Take, for example, a random app like that of Best Buy. The Best Buy privacy policy does not say anything about the collection or use of cell phone location data. They do state that they will only use data “to enrich lives through technology” but they don’t specify whose lives they are enriching—customers or shareholders? They also state that they won’t “sell” (as “sell” is traditionally defined) your data. As traditionally defined? You mean, sell as in transfer ownership to? As distinguished from “lease?” Or as distinguished from “provide access to?” I am a lawyer, and I can’t even tell you how “sell” is traditionally defined. So, I have no clue what Best Buy thinks it can and cannot do with my cell location data.

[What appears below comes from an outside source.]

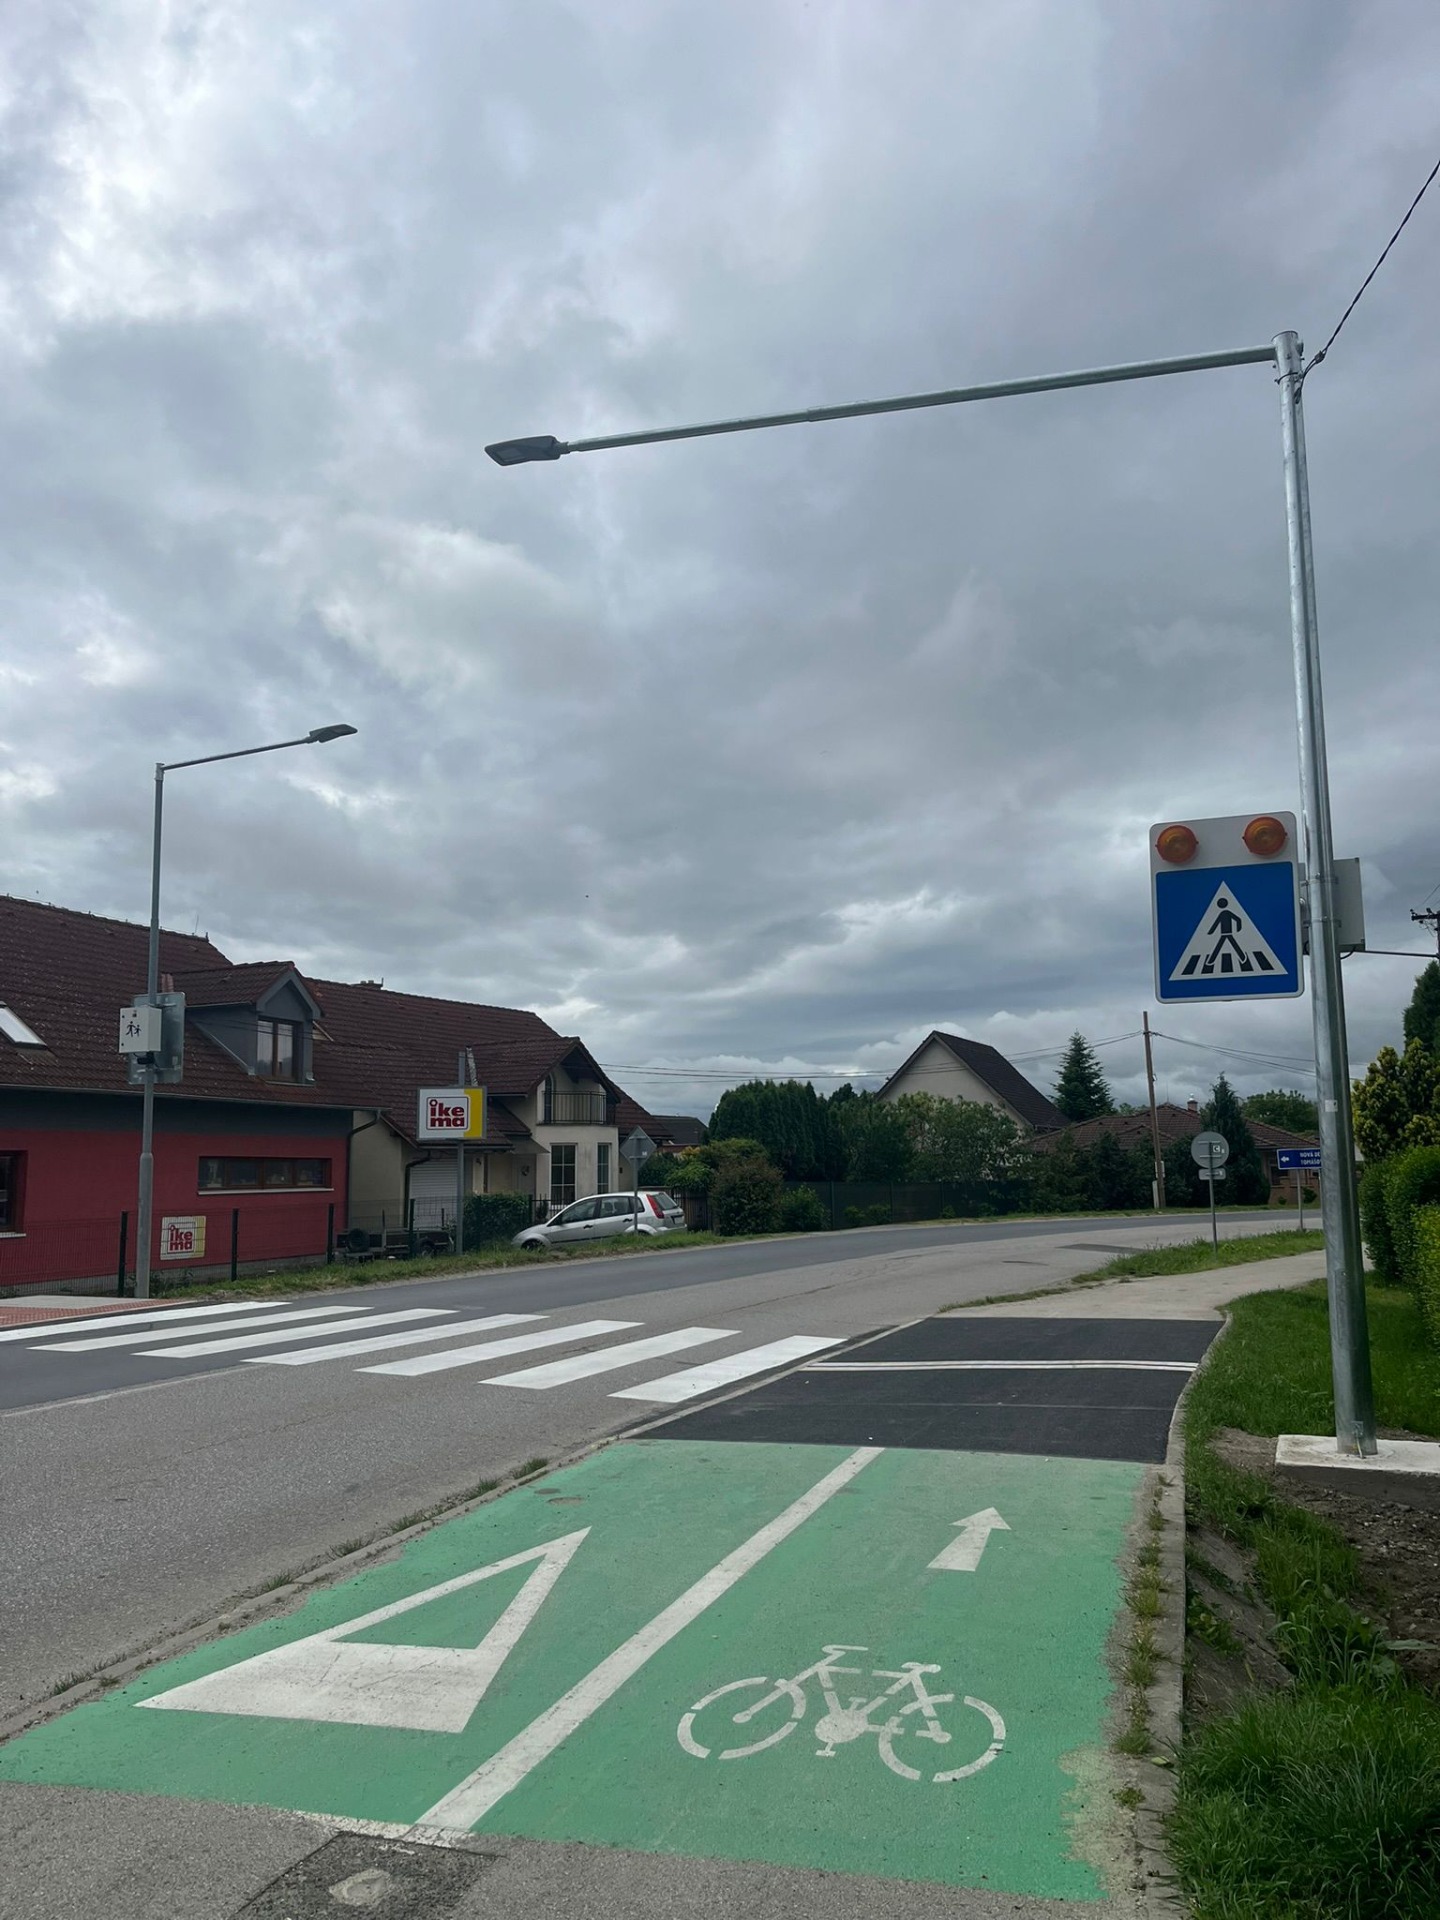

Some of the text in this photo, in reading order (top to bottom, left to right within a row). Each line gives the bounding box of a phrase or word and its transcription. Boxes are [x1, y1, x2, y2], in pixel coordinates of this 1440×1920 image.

[429, 1099, 465, 1117] ike
[430, 1117, 465, 1127] ma
[170, 1224, 193, 1241] ike
[170, 1241, 193, 1250] ma

So, data aggregators are now buying cell location data not from cell carriers but from app developers. They then aggregate all that location data and sell access to the aggregated data. They also sell (or provide for free) access to that database to law enforcement agencies. So, the same cell location data is now available, but it’s no longer CPNI.

Effectively, this is an unregulated industry—and one that is lucrative to data brokers and useful to law enforcement agents seeking to avoid the necessity of having to obtain a warrant for data. But for people interested in protecting privacy, the lack of effective regulation means that their privacy is at risk.

Oh, and the $200 million FCC fine? It still hasn’t been collected.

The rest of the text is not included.